- _GIVEN DATA_
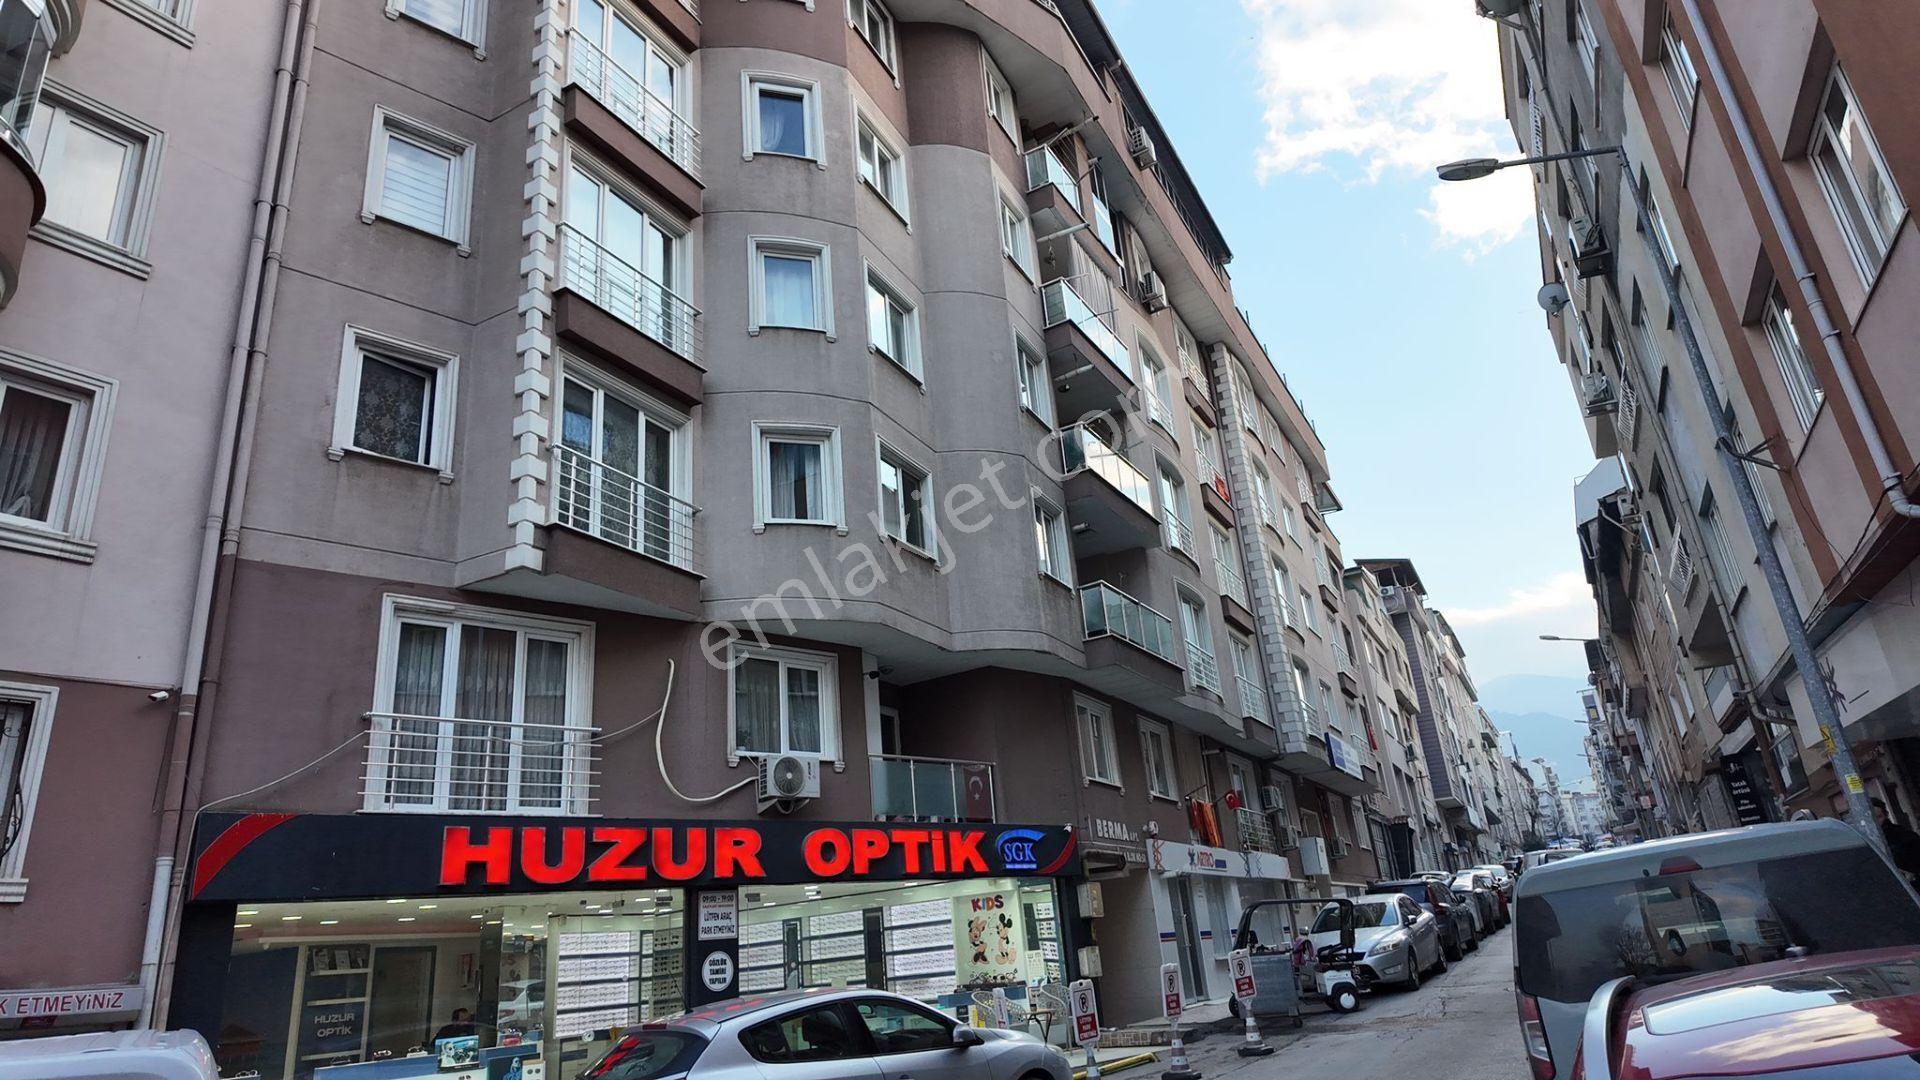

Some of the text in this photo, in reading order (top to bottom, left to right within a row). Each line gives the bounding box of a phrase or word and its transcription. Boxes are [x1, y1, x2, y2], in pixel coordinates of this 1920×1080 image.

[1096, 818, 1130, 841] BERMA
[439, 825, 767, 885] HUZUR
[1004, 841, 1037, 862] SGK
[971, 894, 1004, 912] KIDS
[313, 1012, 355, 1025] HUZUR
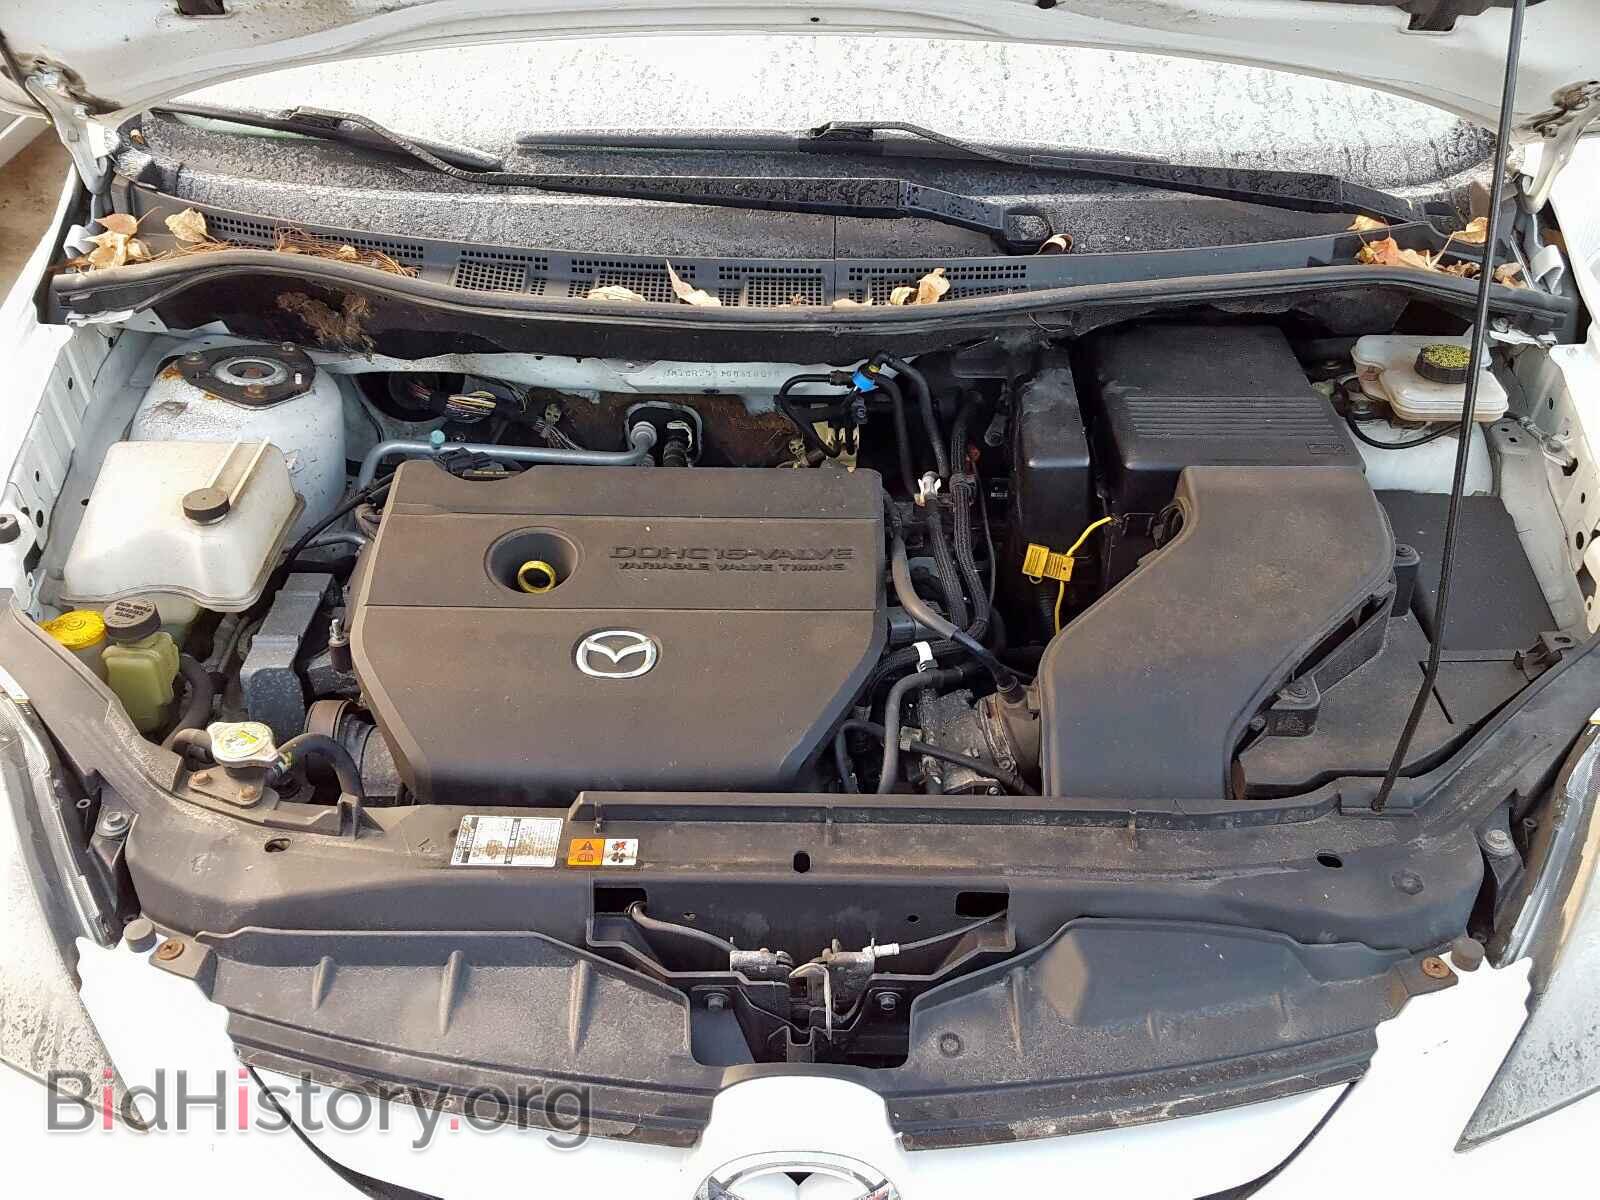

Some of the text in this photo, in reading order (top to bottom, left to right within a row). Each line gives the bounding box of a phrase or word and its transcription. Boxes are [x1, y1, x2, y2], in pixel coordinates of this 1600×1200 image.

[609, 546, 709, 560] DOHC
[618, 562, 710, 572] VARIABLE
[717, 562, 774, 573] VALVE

- _WHAT TO WORK ON_
All of the listing should be transcribed exactly, but none of its images.

- _EXERCISE RESULT_
Some of the text in this photo, in reading order (top to bottom, left to right within a row). Each line gives the bounding box of a phrase or word and its transcription. Boxes are [x1, y1, x2, y2], in pixel coordinates of this 1920×1080 image.

[1096, 818, 1130, 841] BERMA
[439, 825, 767, 885] HUZUR
[1004, 841, 1037, 862] SGK
[971, 894, 1004, 912] KIDS
[313, 1012, 355, 1025] HUZUR

Some of the text in this photo, in reading order (top to bottom, left to right within a row). Each line gives the bounding box of a phrase or word and its transcription. Boxes are [x1, y1, x2, y2], in pixel coordinates of this 1600×1200 image.

[609, 546, 709, 560] DOHC
[618, 562, 710, 572] VARIABLE
[717, 562, 774, 573] VALVE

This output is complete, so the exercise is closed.